Setting Up SendGrid in a Play Environment
SendGrid’s integration with J1 Web is dependent on the sending/ receiving domain. For instance, if you send email from mail.school.edu, replies to that domain are forwarded to the J1 Web server. When you restore Production to Play, your Play environment will try to continue to use the Production configuration, thereby routing all emails you send from Play to the Production server. To mitigate this, you need to create a separate SendGrid configuration for your Play environment and ensure the Play environment settings get updated after each restore.
Requirements
Play server is available from the Internet in order to take full advantage of the integration
DNS records are configured for your play server
Options
SendGrid has webhook endpoints that collect statistical information about the emails you send and receive. The statistical endpoints (Mail Settings > Event Settings > Event Webhook) can only point to one server at a time.
Option 1: Use the same SendGrid account for Production and Play environments.
In this option, you will need to be careful not to change the integration settings in your Play environment. Doing so would cause SendGrid to communicate with your Play server instead of your Production when it comes to the statistical information being reported. It’s recommended that when you restore Production to Play that you use a database script to update the email domain your test environment should use.
update ProviderConfiguration set ProviderValue = '[your test subdomain here]' where ProviderAppID = -81 and ProviderKey = 'inboundDomain'
Option 2: Create a new SendGrid account to be used specifically for the Play environment.

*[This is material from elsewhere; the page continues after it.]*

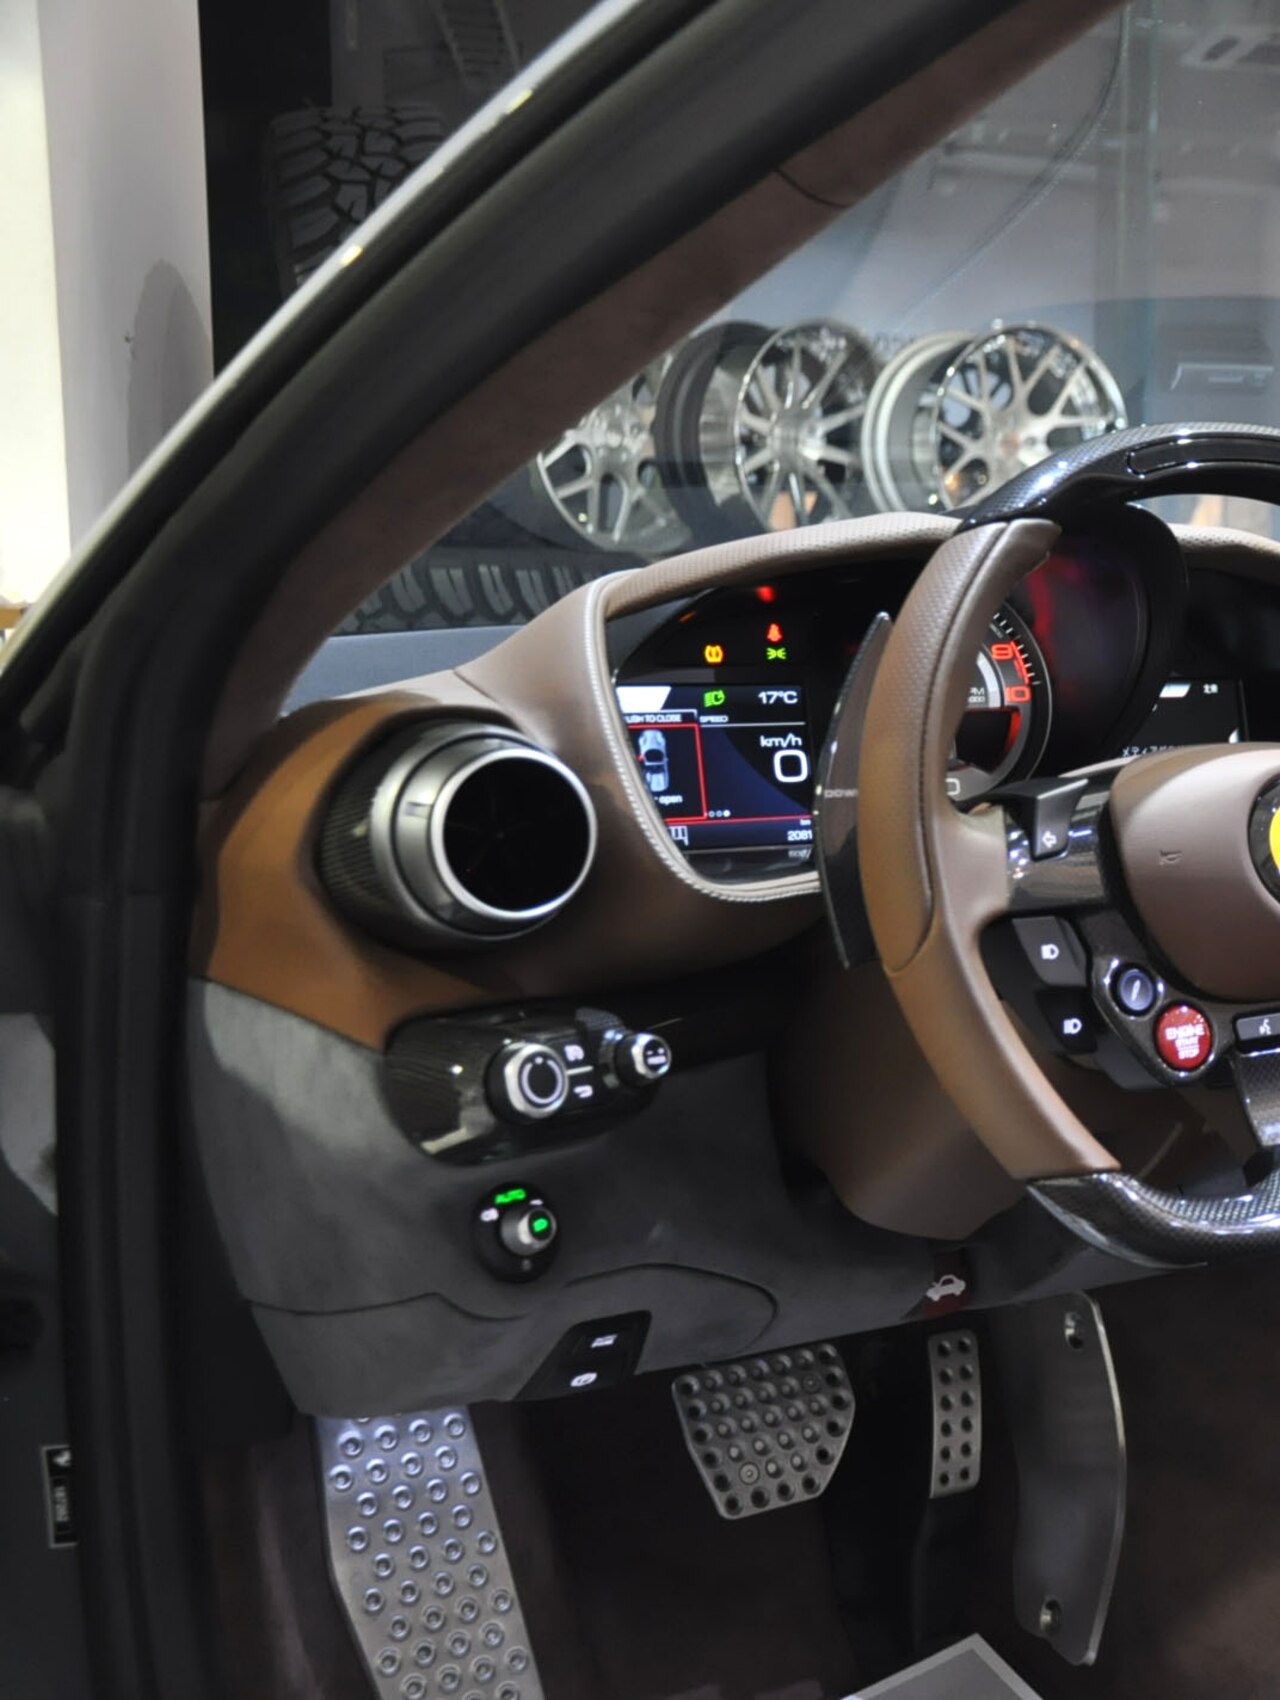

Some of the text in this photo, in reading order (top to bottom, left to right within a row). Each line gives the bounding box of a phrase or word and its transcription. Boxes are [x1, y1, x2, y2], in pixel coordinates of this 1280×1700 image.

[1005, 684, 1032, 703] 10
[760, 734, 802, 748] km/h
[774, 750, 808, 783] 0

In this option, you have the expense of two accounts, but there is less room for error. It is not required to use the SendGrid Pro plans in this option. They do have a Free tier, though it is severely limited.
Configuring SendGrid
Once you select the method you’d like to use from the options above, you need to setup a separate subdomain to send/ receive emails from for your test environment. In this example, we’ll use mailtest.school.edu.
In SendGrid, under Settings & Sender Authentication, begin the "Authenticate Your Domain" process. This walks you through configuring your test domain DNS records so you can deliver emails from your new test domain. This is the same process you followed when initially setting up Communications in a Production environment. You must also configure a new MX record for you mailtest.school.edu domain so that replies to your messages are relayed back to your test server.
See the Pre-Installation Guide for Communications on MyJenzabar.net for step-by-step instructions.